Friable Thoughts

Wednesday, February 22, 2006

Asbestos Reform Group Looks to Revive Medical-Criteria Bills

For now the trust fund and one wonders if medical criteria will get much of a chance. Senator Leahy opposes medical criteria because he believes many that have asbestos-related illnesses do not have viable remedies in the current tort system. Those groups are the para-occupational sufferers, employees of bankrupt entities and veterans. Now, whether those groups have a viable remedy is a matter of opinion, but they do have remedies.

Para-occupational (or secondary) exposure victims can sue all the same manufacturers, premises defendants, suppliers and contractors as ordinary run-of-the-mill plaintiffs.
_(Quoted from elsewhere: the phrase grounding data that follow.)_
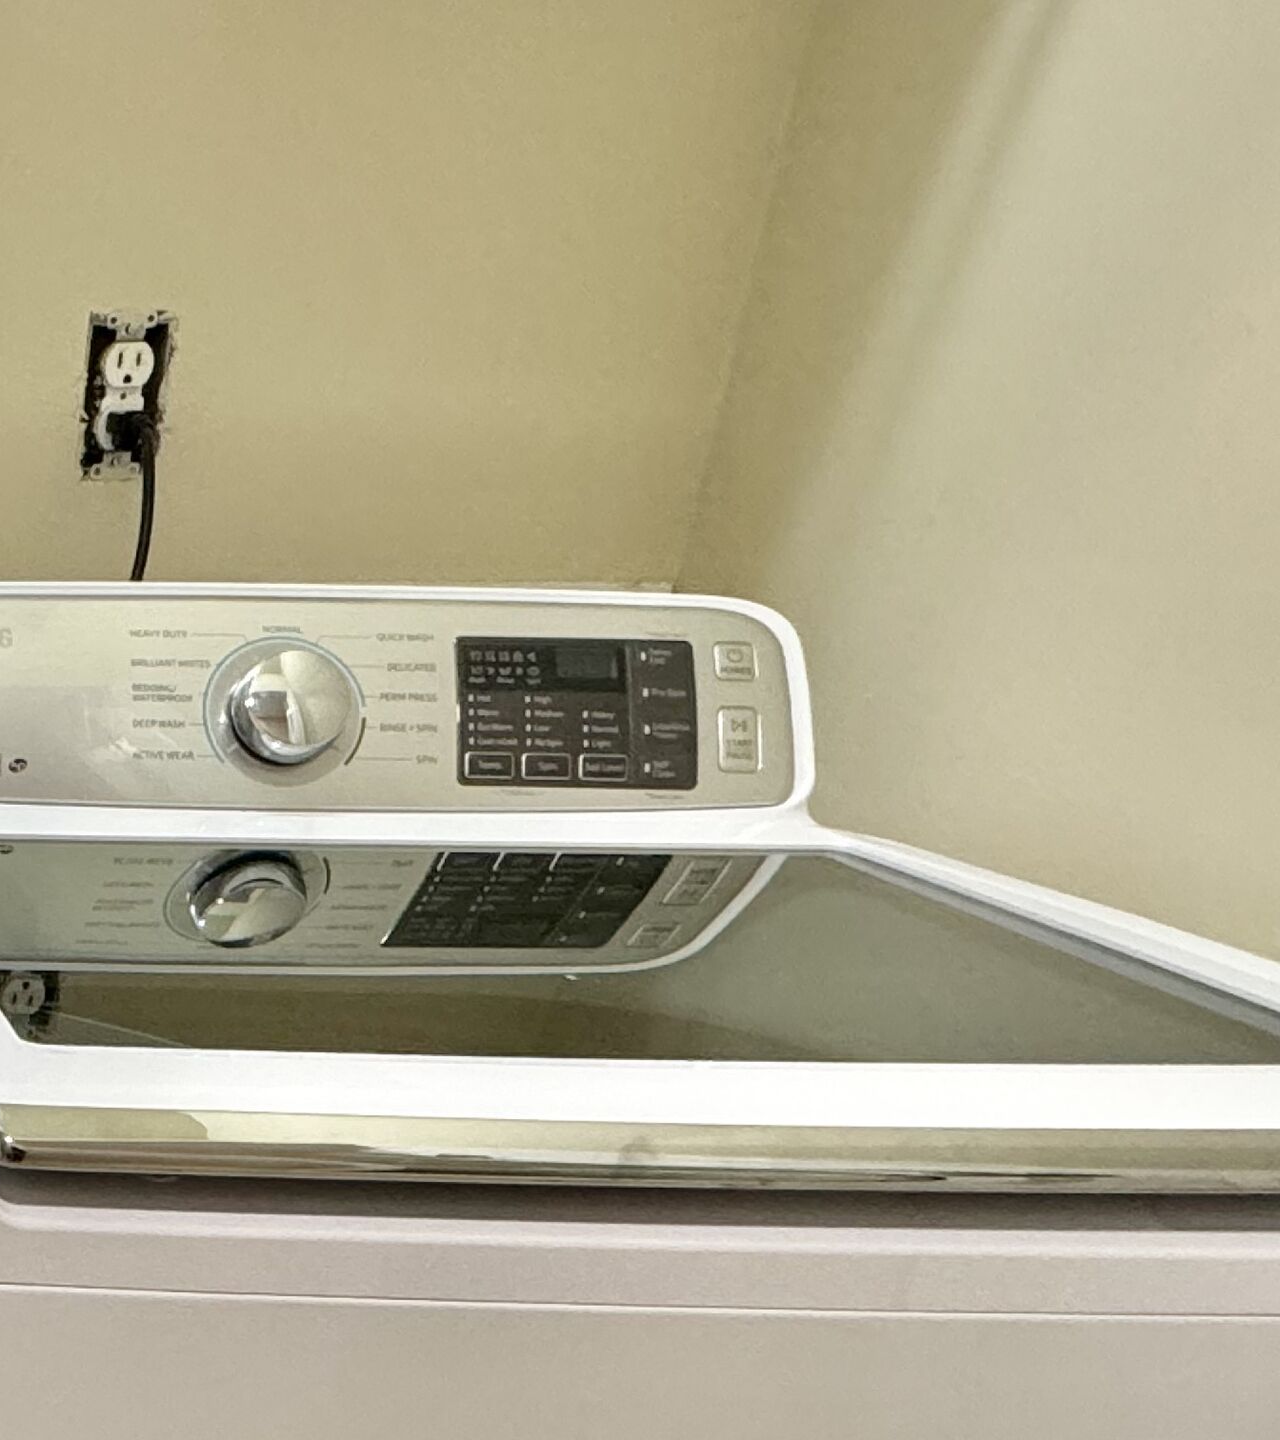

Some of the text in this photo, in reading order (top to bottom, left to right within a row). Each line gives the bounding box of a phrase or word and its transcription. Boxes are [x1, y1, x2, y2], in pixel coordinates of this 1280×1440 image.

[130, 629, 188, 638] HEAVY DUTY
[262, 625, 303, 634] NORMAL
[376, 633, 434, 642] QUICK WASH
[130, 658, 176, 667] BRILLIANT
[387, 662, 436, 672] DELICATES
[133, 694, 193, 702] WATERPROOF
[380, 692, 438, 702] PERM PRESS
[132, 719, 186, 728] DEEP WASH
[380, 723, 406, 732] RINSE
[416, 723, 438, 733] SPIN
[132, 751, 196, 760] ACTIVE WEAR
[415, 754, 438, 764] SPIN
All they need to show is a family member who was exposed and that they had contact with the family member. A slightly more difficult burden of proof but not insurmountable.

Employees of bankrupt entities can file for worker's compensation claims, which reside with the compensation insurer or, if the insurer is insolvent, the state compensation fund. Additionally, employees of bankrupt companies can sue solvent defendants that supplied asbestos-containing component parts or raw fiber. The only employees of bankrupt entities really at a loss are employees of asbestos mines or raw fiber suppliers.
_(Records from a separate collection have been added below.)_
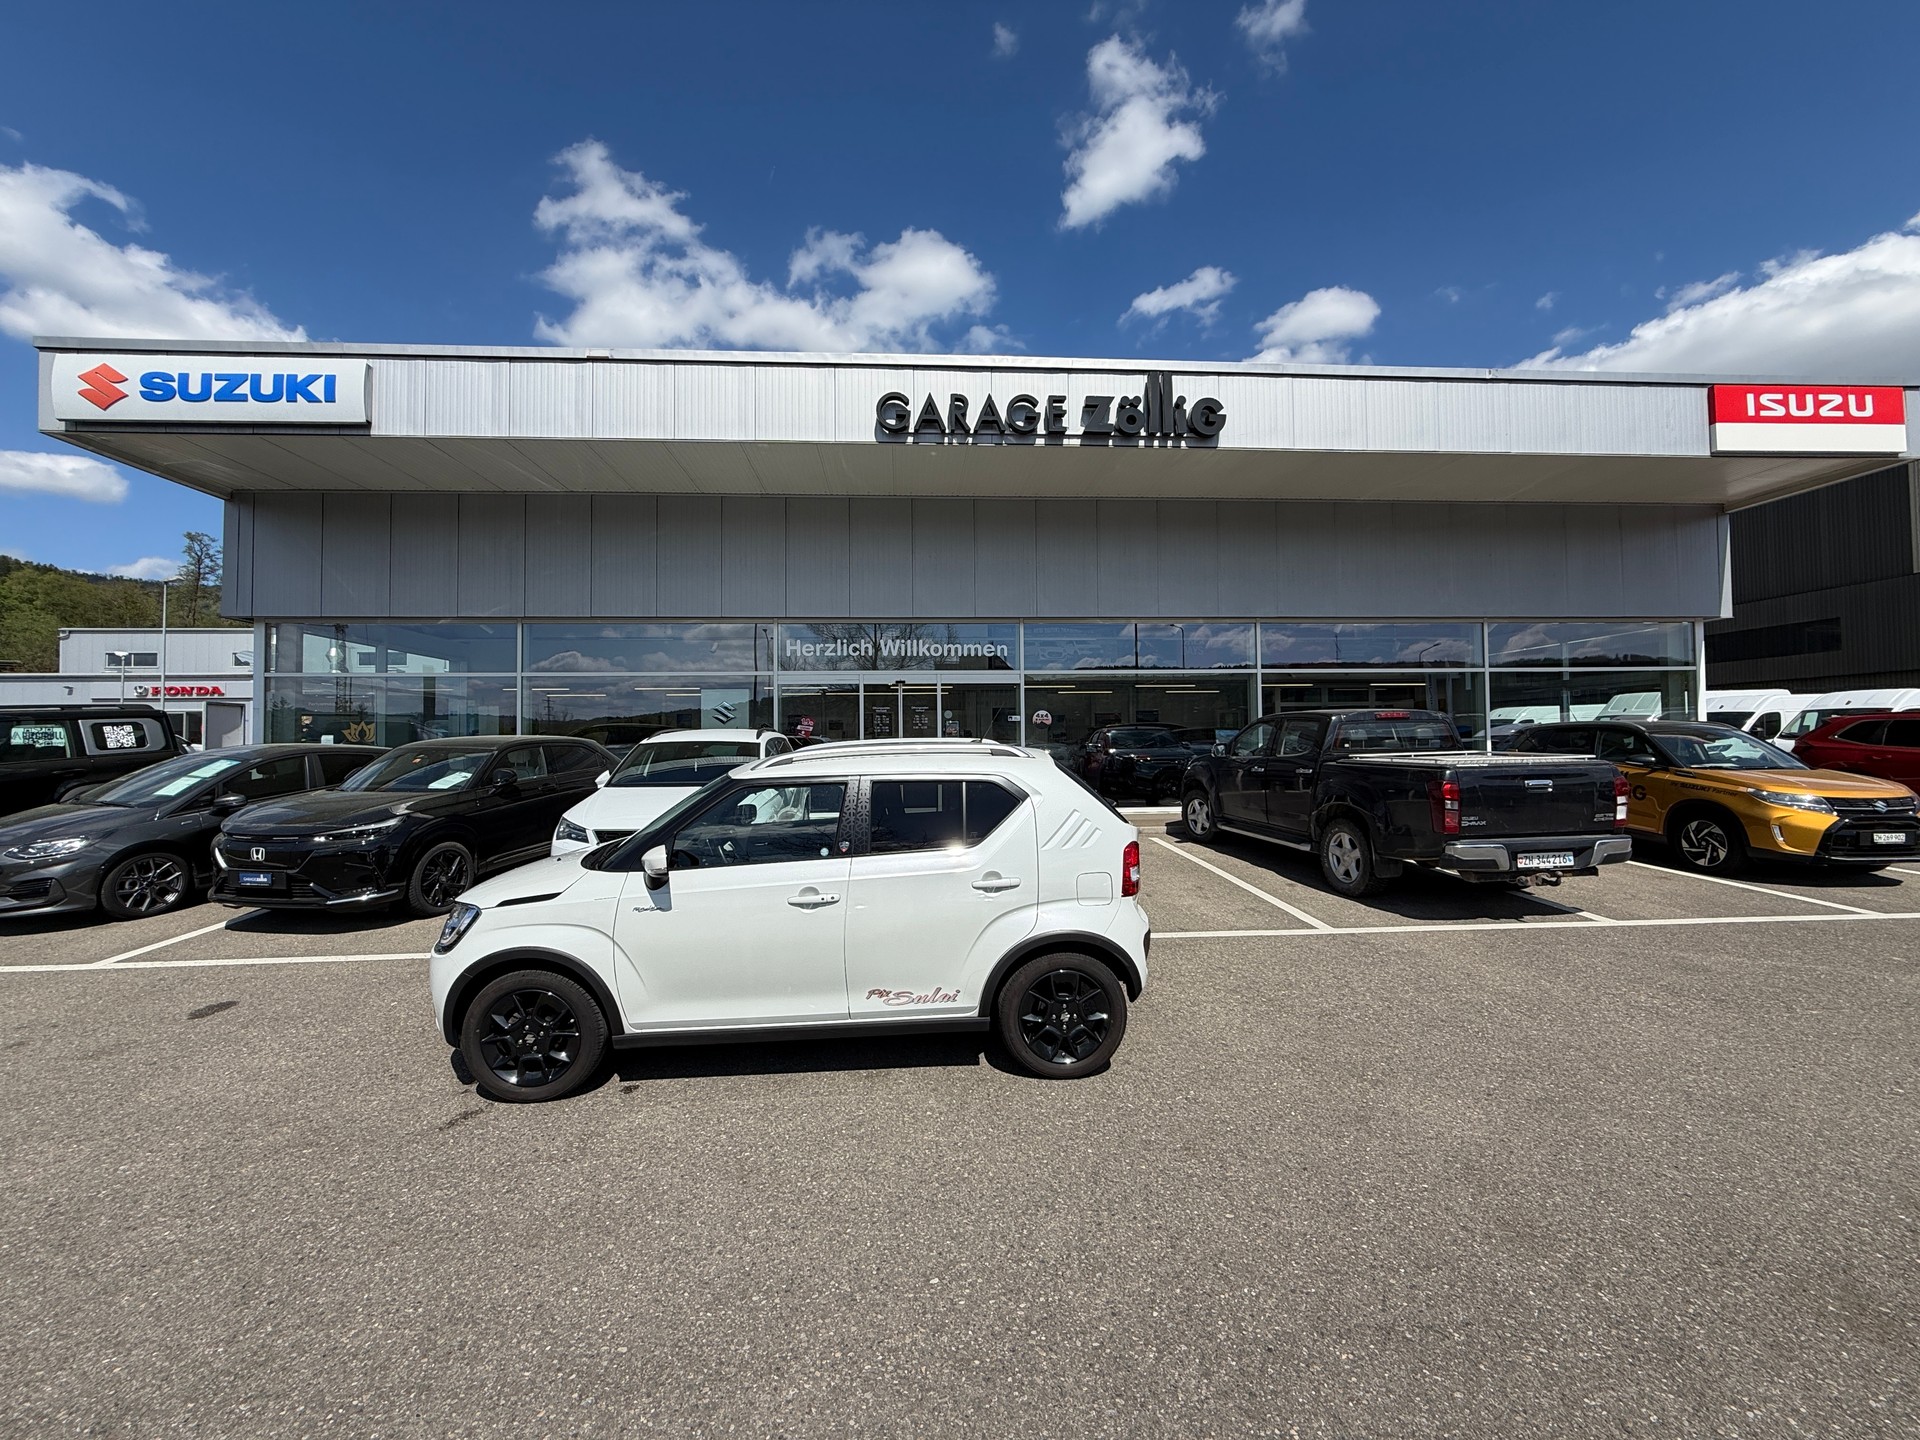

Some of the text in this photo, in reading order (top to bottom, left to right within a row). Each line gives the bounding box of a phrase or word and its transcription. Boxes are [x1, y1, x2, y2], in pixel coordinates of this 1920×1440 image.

[139, 372, 336, 403] SUZUKI
[875, 391, 1069, 434] GARAGE
[1746, 393, 1874, 418] ISUZU
[785, 639, 1008, 657] Herzlich Willkommen
[151, 686, 225, 697] HONDA
[1679, 782, 1710, 792] SUZUKI
As for veterans, it is true they can't sue the federal government. But they can apply for veterans' benefits. Additionally, they can sue the manufacturers of asbestos-containing equipment and materials, of which there are still many viable defendants.

Validly injured plaintiffs have plenty of remedies in the current tort system. Problem is the system provides "remedies" to a larger number of questionable plaintiffs as well. Sorting the good and bad claims takes quite a bit of time and resources.